VICTORIA, BRITISH COLUMBIA, Sept 6, 2007 – FLEXIBLE SOLUTIONS INTERNATIONAL, INC. (AMEX: FSI, FRANKFURT: FXT), is the developer and manufacturer of biodegradable and environmentally safe water and energy conservation technologies, as well as anti-scalant technology. Today the Company announces the agreement to purchases 3.23 acres of land and a 55,000 square foot building. The location is Taber, Alberta, 120 miles south of Calgary and 50 miles from the US border at Montana.

Taber is the western Canadian center of sugar beet farming and FSI will use locally grown sugar to ferment into aspartic acid and other valuable byproducts. The aspartic acid will be sold directly to our NanoChem Solutions (NCS) subsidiary in Illinois for further manufacture into poly-aspartic acid. Nameplate capacity of the Taber plant is 5,000 metric tons per year and start-up is planned for fall 2008.

CEO, Dan O’Brien states, “The purpose of the facility is to decouple our dependence on oil derived aspartic acid and introduce a biologically derived sugar based substitute. The process not only results in recovery of margins lost to high oil prices but also utilizes a more environmentally friendly renewable resource.” Mr. O’Brien adds, “The beet growers of Alberta can supply us with enough sugar to expand this plant to 10 or even 20 times the starting capacity. We are proud to begin one of the first bio-factories in the world that converts an agricultural crop to valuable biochemical products.”
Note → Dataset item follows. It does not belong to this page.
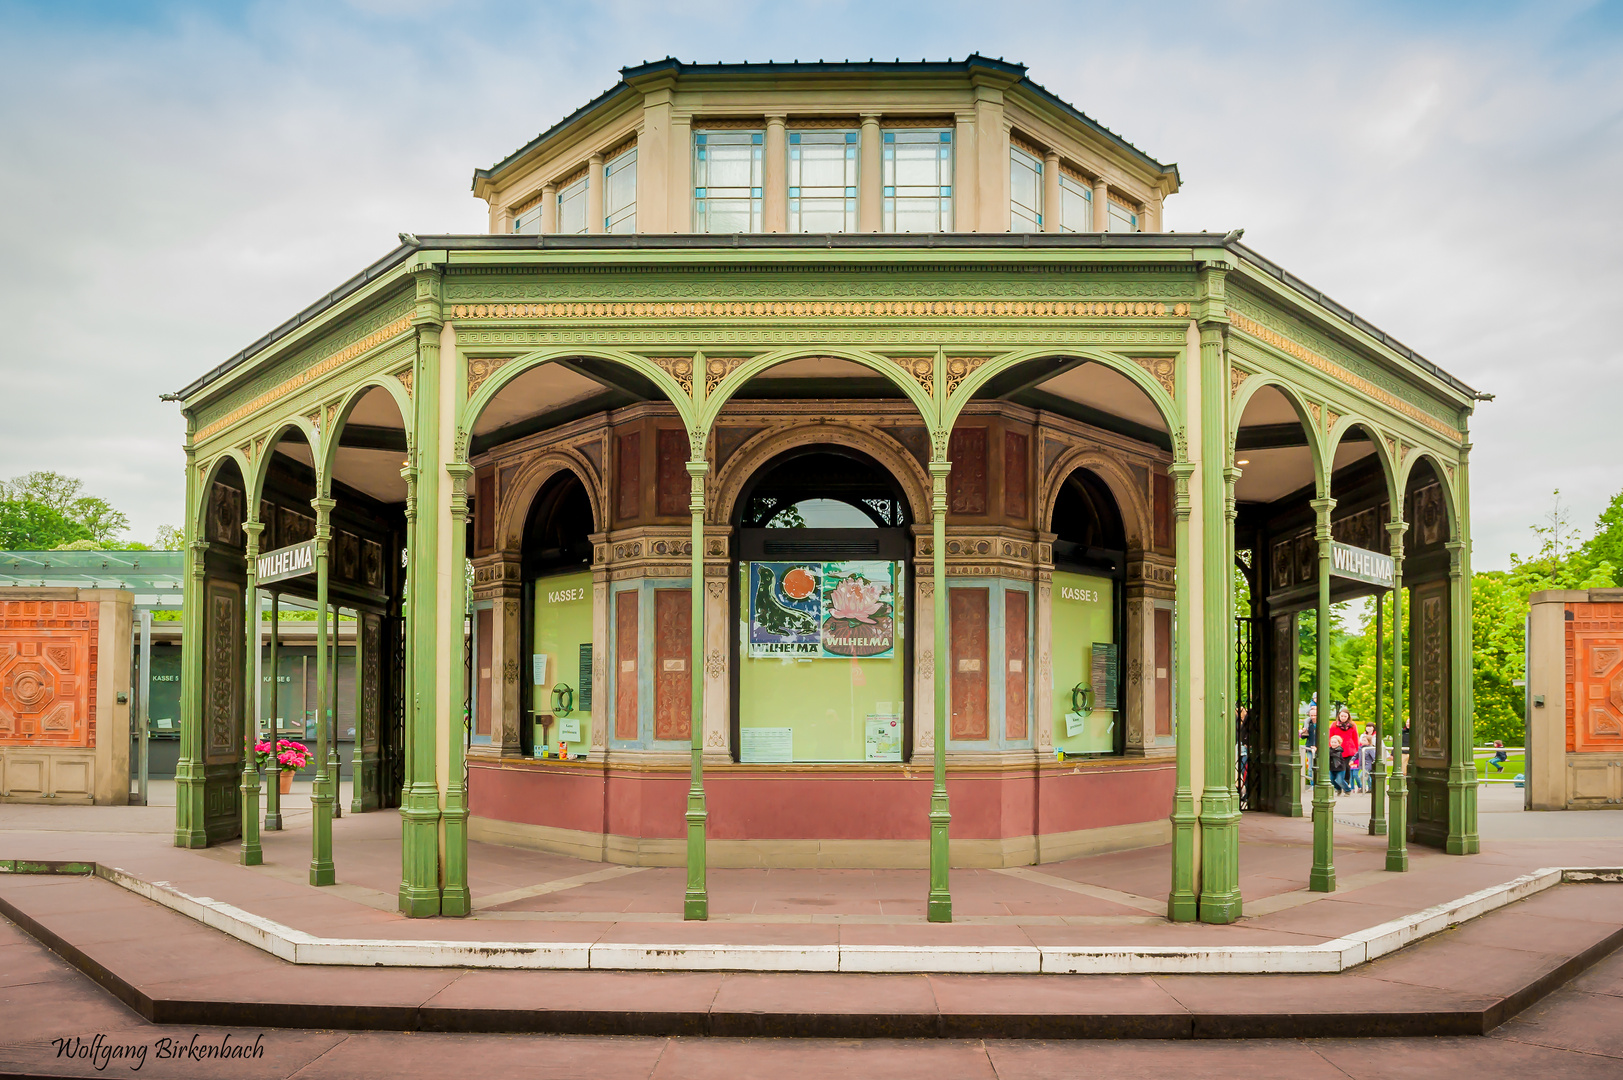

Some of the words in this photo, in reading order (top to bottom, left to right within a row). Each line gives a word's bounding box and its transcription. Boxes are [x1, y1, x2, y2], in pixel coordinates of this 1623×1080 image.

Once the aspartic acid is converted to poly-aspartic acid (TPA) at the NCS factory it is sold to a number of very large industries. For oil extraction, TPA substitutes for toxic materials that keep the recovery pipes from clogging. In dish and laundry detergents, TPA is a fully biodegradable substitute for poly-acrylates that build up in the environment. Another primary use is in agriculture as a fertilizer enhancer where addition of poly-aspartate at ½ of one percent can increase yield per acre by 10-15%. FSI expects that substituting lower cost sugar versus oil as an input could have a huge impact on demand for TPA.

World attention to environmentally sound behavior is driving increased use of TPA. Poly-acrylates are a widely used non-biodegradable product that can be replaced by biodegradable TPA made by FSI. Countries like Norway are advanced in this arena and the rest of Europe is moving in the same direction. A city (or country) of five million people dumps more than five million pounds per year of poly-acrylates into the eco-system through dish and laundry detergent use. FSI is strongly focused on this major opportunity to replace incumbent chemicals with our biodegradable products made from renewable resources

In related news, Mr. Edward Zhang, chemical engineer, has been hired to oversee construction and operation of the facility. This will be Mr. Zhang’s third major project; he has successfully managed the construction and start-up of two fertilizer plants with capacities of 110 and 130 thousand tons per year. “I am excited about the potential of using sugar beets in place of oil, especially when the end product is used to make green chemicals for the oil, water and agriculture industries.” says Mr. Zhang. He continues, “I brought my family to Canada for clean air and water so it is a great pleasure to be part of such an environmentally focused company.”